**PROBLEM TO WORK ON:** Exactly what is written in the records below should be returned, minus the images.

**EXERCISE INPUTS:**
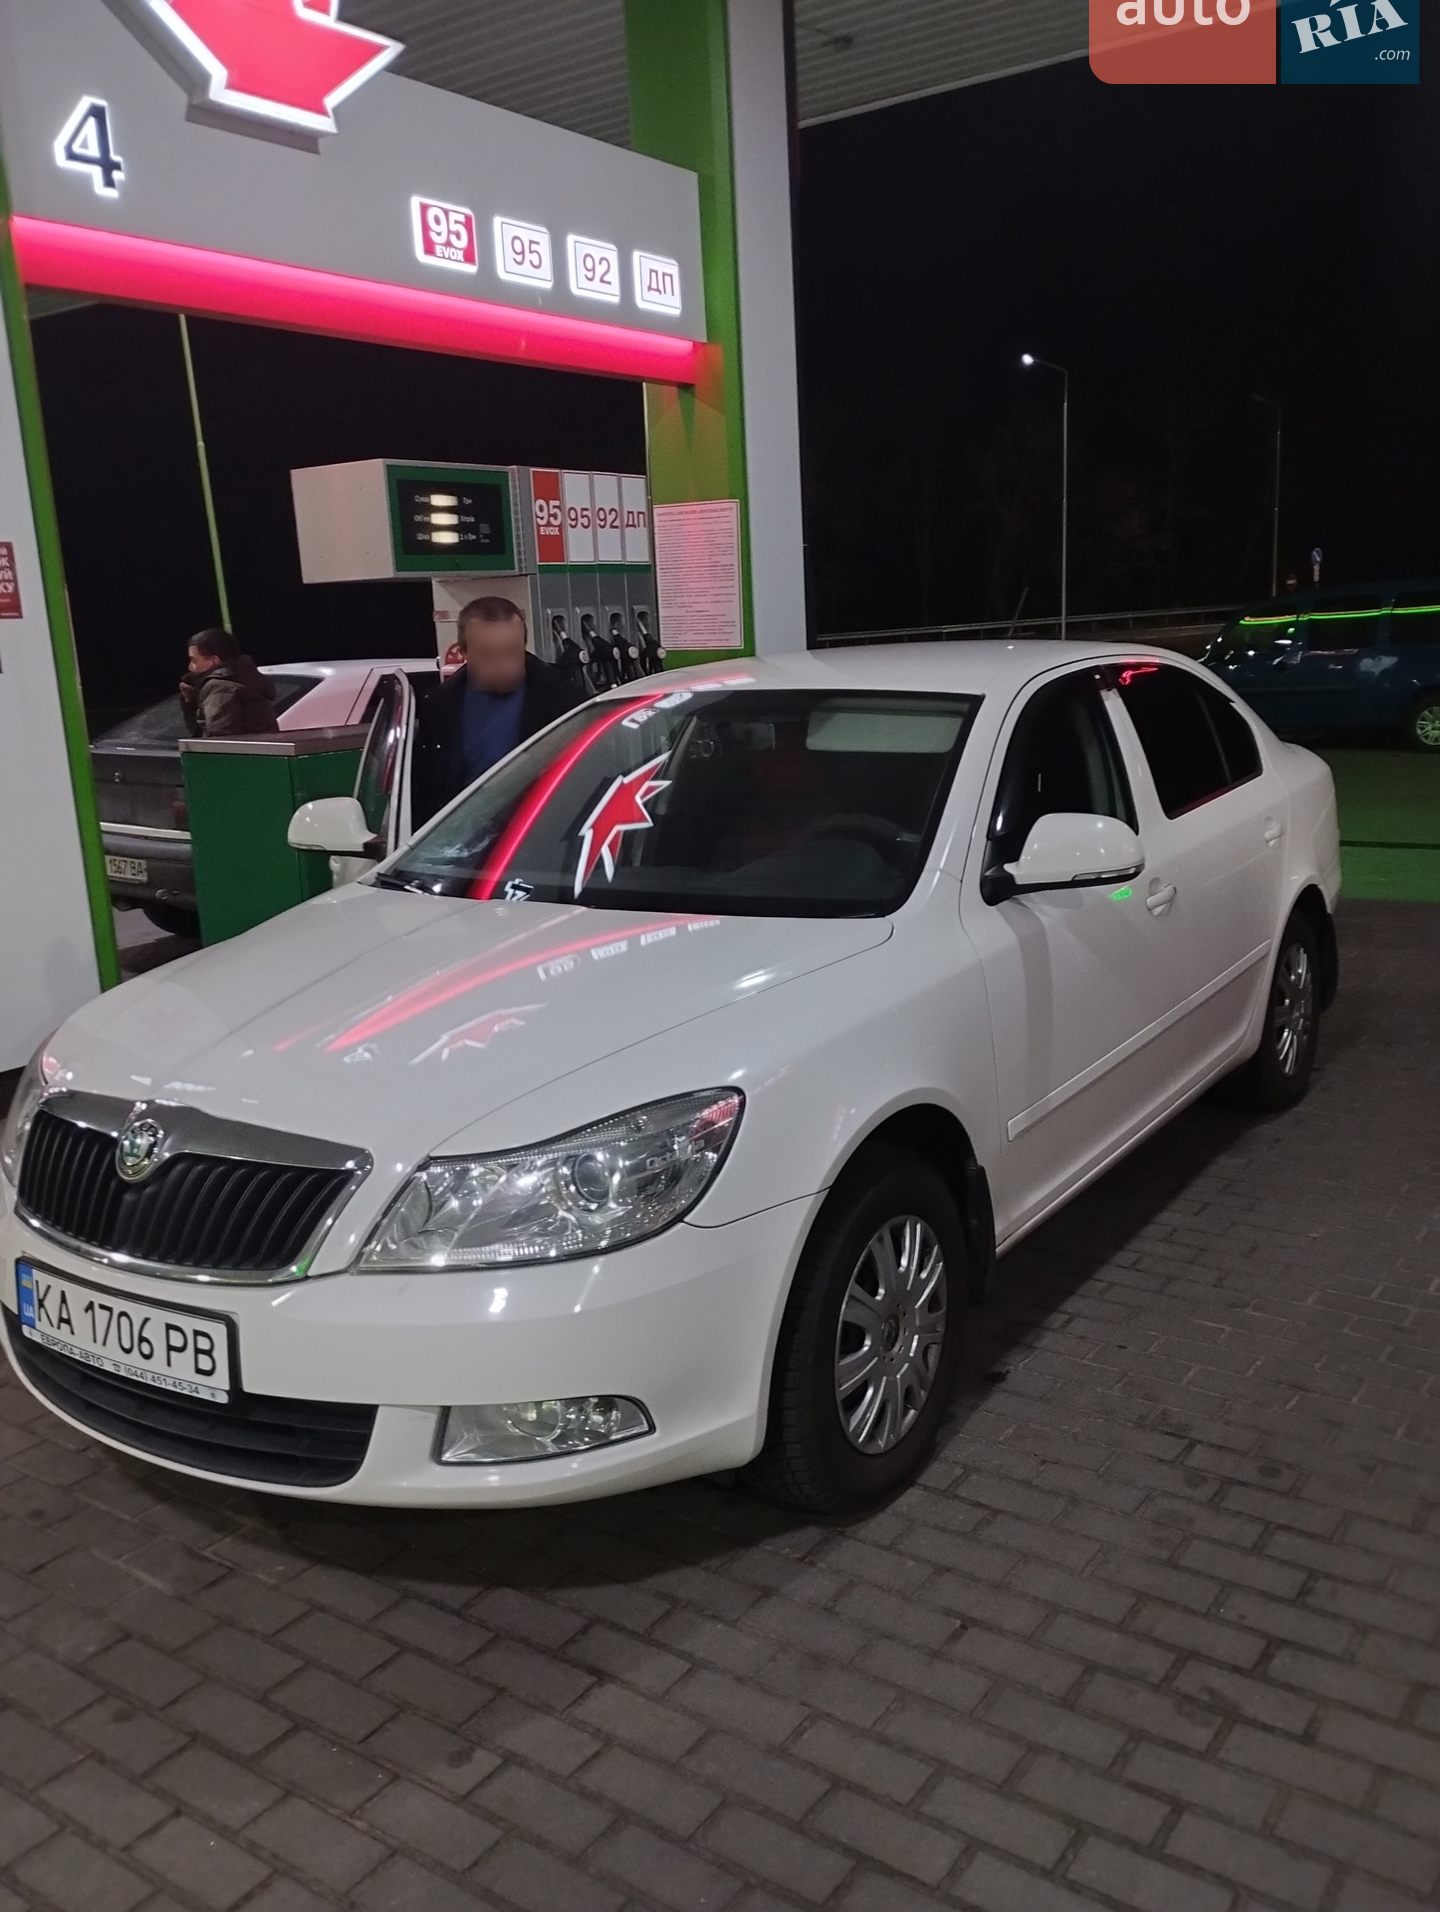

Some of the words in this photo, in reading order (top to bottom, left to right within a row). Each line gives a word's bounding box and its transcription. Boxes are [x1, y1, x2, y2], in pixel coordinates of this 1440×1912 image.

[56, 96, 123, 196] 4
[427, 206, 469, 250] 95
[435, 245, 465, 263] EVOX
[511, 235, 543, 270] 95
[582, 252, 613, 286] 92
[647, 268, 675, 297] ДП
[535, 499, 562, 526] 95
[568, 506, 591, 529] 95
[597, 507, 619, 529] 92
[625, 510, 647, 529] ДП
[540, 526, 560, 536] EVOX
[23, 1304, 35, 1319] UA
[35, 1279, 75, 1336] KA
[84, 1301, 155, 1360] 1706
[165, 1322, 216, 1377] PB
[40, 1334, 105, 1367] ЕВРОПА-АВТО
[124, 1366, 148, 1382] (044)
[151, 1376, 200, 1395] 451-45-34
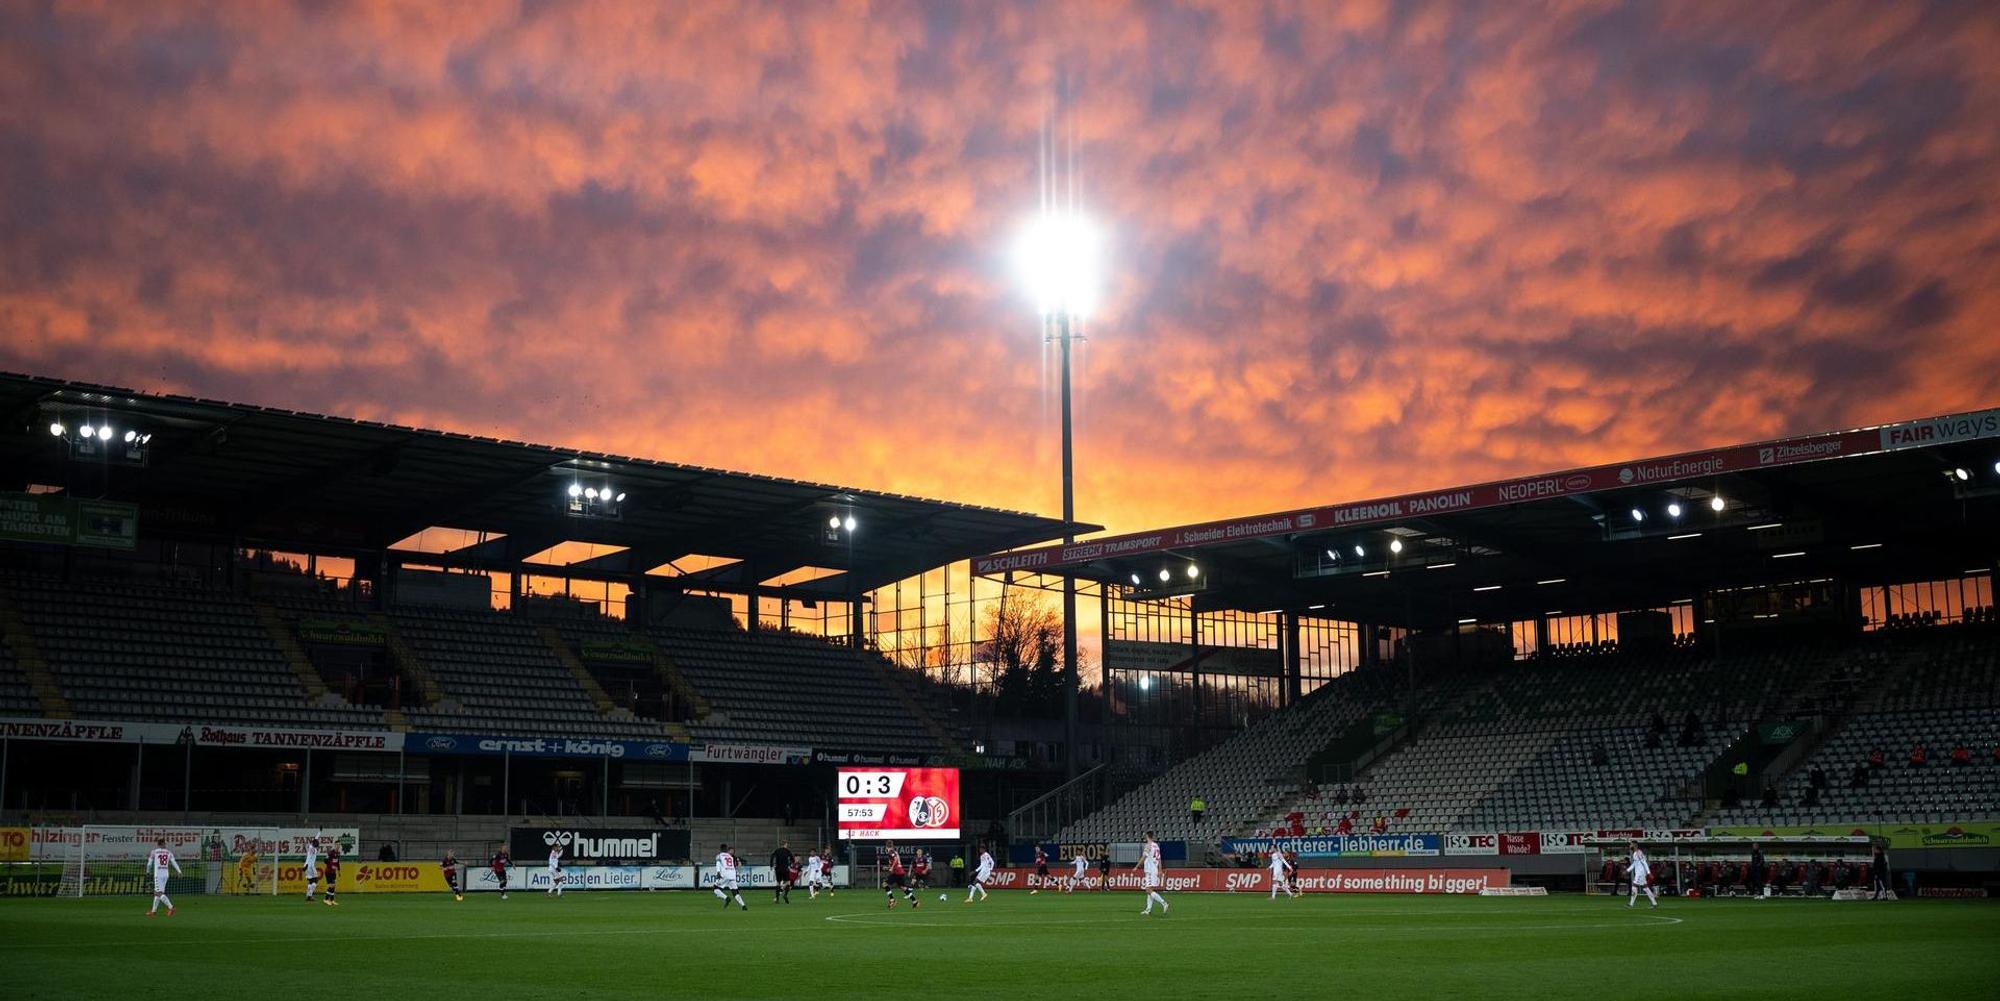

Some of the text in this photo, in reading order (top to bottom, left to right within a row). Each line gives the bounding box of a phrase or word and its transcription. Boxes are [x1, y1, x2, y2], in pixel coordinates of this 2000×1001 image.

[1891, 416, 1998, 444] FAIR ways
[1777, 441, 1843, 458] Zitzelsberger
[1637, 456, 1724, 480] NaturEnergie
[1499, 478, 1564, 501] NEOPERL
[1335, 493, 1471, 523] KLEENOIL PANOLIN
[1184, 526, 1225, 543] Schneider
[1227, 518, 1292, 537] Elektrotechnik
[1105, 537, 1161, 553] TRANSPORT
[992, 553, 1048, 570] SCHLEITH
[200, 727, 386, 749] Rothaus TANNENZÄPFLE
[480, 740, 546, 752] ernst
[565, 740, 625, 758] könig
[707, 747, 784, 763] Furtwängler
[848, 809, 874, 818] 57:53
[102, 834, 134, 843] Fenster
[574, 831, 658, 858] hummel
[158, 855, 168, 866] 18
[376, 867, 420, 880] LOTTO
[532, 874, 550, 885] Am
[605, 872, 638, 885] Lieler.
[1226, 873, 1488, 893] SMP part of something bigger!

**OUTPUT BELOW:**
Some of the words in this photo, in reading order (top to bottom, left to right within a row). Each line gives a word's bounding box and its transcription. Boxes are [x1, y1, x2, y2], in pixel coordinates of this 1440×1912 image.

[56, 96, 123, 196] 4
[427, 206, 469, 250] 95
[435, 245, 465, 263] EVOX
[511, 235, 543, 270] 95
[582, 252, 613, 286] 92
[647, 268, 675, 297] ДП
[535, 499, 562, 526] 95
[568, 506, 591, 529] 95
[597, 507, 619, 529] 92
[625, 510, 647, 529] ДП
[540, 526, 560, 536] EVOX
[23, 1304, 35, 1319] UA
[35, 1279, 75, 1336] KA
[84, 1301, 155, 1360] 1706
[165, 1322, 216, 1377] PB
[40, 1334, 105, 1367] ЕВРОПА-АВТО
[124, 1366, 148, 1382] (044)
[151, 1376, 200, 1395] 451-45-34

Some of the text in this photo, in reading order (top to bottom, left to right within a row). Each line gives the bounding box of a phrase or word and its transcription. Boxes are [x1, y1, x2, y2], in pixel coordinates of this 2000×1001 image.

[1891, 416, 1998, 444] FAIR ways
[1777, 441, 1843, 458] Zitzelsberger
[1637, 456, 1724, 480] NaturEnergie
[1499, 478, 1564, 501] NEOPERL
[1335, 493, 1471, 523] KLEENOIL PANOLIN
[1184, 526, 1225, 543] Schneider
[1227, 518, 1292, 537] Elektrotechnik
[1105, 537, 1161, 553] TRANSPORT
[992, 553, 1048, 570] SCHLEITH
[200, 727, 386, 749] Rothaus TANNENZÄPFLE
[480, 740, 546, 752] ernst
[565, 740, 625, 758] könig
[707, 747, 784, 763] Furtwängler
[848, 809, 874, 818] 57:53
[102, 834, 134, 843] Fenster
[574, 831, 658, 858] hummel
[158, 855, 168, 866] 18
[376, 867, 420, 880] LOTTO
[532, 874, 550, 885] Am
[605, 872, 638, 885] Lieler.
[1226, 873, 1488, 893] SMP part of something bigger!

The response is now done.